§ **YOUR GOAL**
From the line containing "this 2352×1568 image." onward, every line of the entries is to be set down exactly, the last line included.

(Data entries)

+ + + + +

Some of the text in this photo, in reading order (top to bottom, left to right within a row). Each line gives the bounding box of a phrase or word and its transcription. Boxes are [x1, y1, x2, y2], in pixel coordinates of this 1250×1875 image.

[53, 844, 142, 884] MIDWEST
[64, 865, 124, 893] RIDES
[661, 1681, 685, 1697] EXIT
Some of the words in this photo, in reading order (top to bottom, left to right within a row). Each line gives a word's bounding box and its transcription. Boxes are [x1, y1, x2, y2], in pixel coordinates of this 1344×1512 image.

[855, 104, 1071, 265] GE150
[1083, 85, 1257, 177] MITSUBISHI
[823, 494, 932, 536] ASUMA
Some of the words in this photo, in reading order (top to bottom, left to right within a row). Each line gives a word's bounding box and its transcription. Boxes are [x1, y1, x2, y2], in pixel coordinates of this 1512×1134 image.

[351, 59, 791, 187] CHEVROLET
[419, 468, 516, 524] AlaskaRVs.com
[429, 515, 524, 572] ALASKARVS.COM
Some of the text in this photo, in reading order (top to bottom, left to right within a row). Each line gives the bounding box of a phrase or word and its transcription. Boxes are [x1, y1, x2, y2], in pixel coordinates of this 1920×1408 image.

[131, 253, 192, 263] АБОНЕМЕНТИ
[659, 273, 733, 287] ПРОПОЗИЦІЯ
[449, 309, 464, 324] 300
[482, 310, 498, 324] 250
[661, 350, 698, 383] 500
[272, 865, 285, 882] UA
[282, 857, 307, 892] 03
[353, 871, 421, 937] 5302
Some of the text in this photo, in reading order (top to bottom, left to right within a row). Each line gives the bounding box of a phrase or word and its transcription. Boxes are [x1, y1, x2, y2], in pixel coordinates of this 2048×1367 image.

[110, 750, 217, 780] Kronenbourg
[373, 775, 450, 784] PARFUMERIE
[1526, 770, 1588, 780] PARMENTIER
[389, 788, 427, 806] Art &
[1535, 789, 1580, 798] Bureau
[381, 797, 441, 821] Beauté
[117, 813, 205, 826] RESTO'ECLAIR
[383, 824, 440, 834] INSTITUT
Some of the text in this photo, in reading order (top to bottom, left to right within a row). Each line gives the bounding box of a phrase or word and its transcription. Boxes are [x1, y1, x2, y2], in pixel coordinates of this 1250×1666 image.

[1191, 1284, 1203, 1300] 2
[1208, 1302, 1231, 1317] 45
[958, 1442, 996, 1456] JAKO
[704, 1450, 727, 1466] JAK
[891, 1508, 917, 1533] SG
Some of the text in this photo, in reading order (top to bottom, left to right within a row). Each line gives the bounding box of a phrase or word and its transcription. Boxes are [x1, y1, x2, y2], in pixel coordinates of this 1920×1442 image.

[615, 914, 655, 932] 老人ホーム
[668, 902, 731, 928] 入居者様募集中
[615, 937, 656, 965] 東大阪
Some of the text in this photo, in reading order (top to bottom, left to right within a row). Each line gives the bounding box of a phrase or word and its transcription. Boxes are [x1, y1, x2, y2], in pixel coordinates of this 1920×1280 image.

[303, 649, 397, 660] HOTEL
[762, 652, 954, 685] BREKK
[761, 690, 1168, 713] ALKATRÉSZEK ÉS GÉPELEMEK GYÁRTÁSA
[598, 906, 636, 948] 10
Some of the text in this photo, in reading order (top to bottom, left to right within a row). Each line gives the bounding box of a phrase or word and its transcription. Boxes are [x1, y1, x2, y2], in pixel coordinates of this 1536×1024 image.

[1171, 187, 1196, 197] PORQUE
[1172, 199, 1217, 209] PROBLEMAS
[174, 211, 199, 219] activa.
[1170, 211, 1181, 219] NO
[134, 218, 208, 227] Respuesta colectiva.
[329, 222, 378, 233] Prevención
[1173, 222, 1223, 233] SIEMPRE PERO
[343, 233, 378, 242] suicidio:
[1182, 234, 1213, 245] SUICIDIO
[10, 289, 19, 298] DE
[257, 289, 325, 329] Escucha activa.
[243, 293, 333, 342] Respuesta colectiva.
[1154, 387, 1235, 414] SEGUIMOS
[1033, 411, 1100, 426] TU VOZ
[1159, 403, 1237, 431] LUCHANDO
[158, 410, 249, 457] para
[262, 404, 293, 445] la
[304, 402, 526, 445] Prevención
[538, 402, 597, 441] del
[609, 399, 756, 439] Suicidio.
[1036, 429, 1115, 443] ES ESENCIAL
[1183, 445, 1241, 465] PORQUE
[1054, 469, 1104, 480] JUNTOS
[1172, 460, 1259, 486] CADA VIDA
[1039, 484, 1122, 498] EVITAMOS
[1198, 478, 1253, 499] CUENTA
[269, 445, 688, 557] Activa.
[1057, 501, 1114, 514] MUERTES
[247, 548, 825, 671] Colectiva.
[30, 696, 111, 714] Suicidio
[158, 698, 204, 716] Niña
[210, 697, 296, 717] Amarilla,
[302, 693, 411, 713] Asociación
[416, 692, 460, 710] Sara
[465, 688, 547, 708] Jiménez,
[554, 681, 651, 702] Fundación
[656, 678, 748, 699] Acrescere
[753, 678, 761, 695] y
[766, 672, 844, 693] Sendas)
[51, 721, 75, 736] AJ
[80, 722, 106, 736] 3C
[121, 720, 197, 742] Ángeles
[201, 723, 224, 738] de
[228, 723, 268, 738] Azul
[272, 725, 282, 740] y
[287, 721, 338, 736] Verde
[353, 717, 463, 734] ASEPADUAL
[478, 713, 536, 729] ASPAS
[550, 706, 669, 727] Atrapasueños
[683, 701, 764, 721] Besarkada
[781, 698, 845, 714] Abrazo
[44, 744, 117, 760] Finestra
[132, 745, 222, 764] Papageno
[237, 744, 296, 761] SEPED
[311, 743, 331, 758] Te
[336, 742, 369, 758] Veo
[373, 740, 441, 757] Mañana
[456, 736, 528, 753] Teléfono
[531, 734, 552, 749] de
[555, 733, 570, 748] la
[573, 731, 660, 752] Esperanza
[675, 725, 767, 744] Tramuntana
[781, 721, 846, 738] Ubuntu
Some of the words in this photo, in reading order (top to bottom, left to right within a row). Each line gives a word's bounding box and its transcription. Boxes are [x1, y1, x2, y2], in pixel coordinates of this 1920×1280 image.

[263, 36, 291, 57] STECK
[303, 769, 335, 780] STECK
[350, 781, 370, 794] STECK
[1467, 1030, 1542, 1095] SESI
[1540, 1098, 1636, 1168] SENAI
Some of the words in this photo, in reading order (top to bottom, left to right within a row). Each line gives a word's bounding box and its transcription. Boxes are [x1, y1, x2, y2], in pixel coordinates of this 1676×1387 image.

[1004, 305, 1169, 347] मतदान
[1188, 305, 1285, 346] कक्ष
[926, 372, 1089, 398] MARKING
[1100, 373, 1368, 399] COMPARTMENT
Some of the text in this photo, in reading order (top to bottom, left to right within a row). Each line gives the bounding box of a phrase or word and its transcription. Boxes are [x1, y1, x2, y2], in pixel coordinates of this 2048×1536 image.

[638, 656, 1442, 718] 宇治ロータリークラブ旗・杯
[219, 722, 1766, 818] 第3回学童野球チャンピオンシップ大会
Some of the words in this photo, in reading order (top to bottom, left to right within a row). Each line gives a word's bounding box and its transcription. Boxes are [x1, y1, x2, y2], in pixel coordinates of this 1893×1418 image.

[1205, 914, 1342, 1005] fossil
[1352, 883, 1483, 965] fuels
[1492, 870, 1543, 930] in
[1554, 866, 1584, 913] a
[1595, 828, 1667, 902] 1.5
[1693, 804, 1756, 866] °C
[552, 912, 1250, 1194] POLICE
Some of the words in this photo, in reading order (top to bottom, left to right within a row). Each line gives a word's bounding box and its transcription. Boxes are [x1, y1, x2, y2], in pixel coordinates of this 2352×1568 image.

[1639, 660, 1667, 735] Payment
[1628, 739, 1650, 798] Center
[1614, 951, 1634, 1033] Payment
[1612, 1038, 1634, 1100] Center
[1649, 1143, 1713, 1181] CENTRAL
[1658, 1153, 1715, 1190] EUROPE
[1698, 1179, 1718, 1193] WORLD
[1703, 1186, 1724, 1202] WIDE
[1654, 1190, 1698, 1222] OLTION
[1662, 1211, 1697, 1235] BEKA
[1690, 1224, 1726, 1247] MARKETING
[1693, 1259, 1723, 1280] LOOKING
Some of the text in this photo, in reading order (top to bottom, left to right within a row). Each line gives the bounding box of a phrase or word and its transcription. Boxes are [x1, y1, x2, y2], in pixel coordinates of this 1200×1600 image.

+ + + + +

§ **SOLUTION TO THE PROBLEM**
Some of the words in this photo, in reading order (top to bottom, left to right within a row). Each line gives a word's bounding box and its transcription. Boxes are [x1, y1, x2, y2], in pixel coordinates of this 2352×1568 image.

[1639, 660, 1667, 735] Payment
[1628, 739, 1650, 798] Center
[1614, 951, 1634, 1033] Payment
[1612, 1038, 1634, 1100] Center
[1649, 1143, 1713, 1181] CENTRAL
[1658, 1153, 1715, 1190] EUROPE
[1698, 1179, 1718, 1193] WORLD
[1703, 1186, 1724, 1202] WIDE
[1654, 1190, 1698, 1222] OLTION
[1662, 1211, 1697, 1235] BEKA
[1690, 1224, 1726, 1247] MARKETING
[1693, 1259, 1723, 1280] LOOKING
Some of the text in this photo, in reading order (top to bottom, left to right within a row). Each line gives the bounding box of a phrase or word and its transcription. Boxes are [x1, y1, x2, y2], in pixel coordinates of this 1200×1600 image.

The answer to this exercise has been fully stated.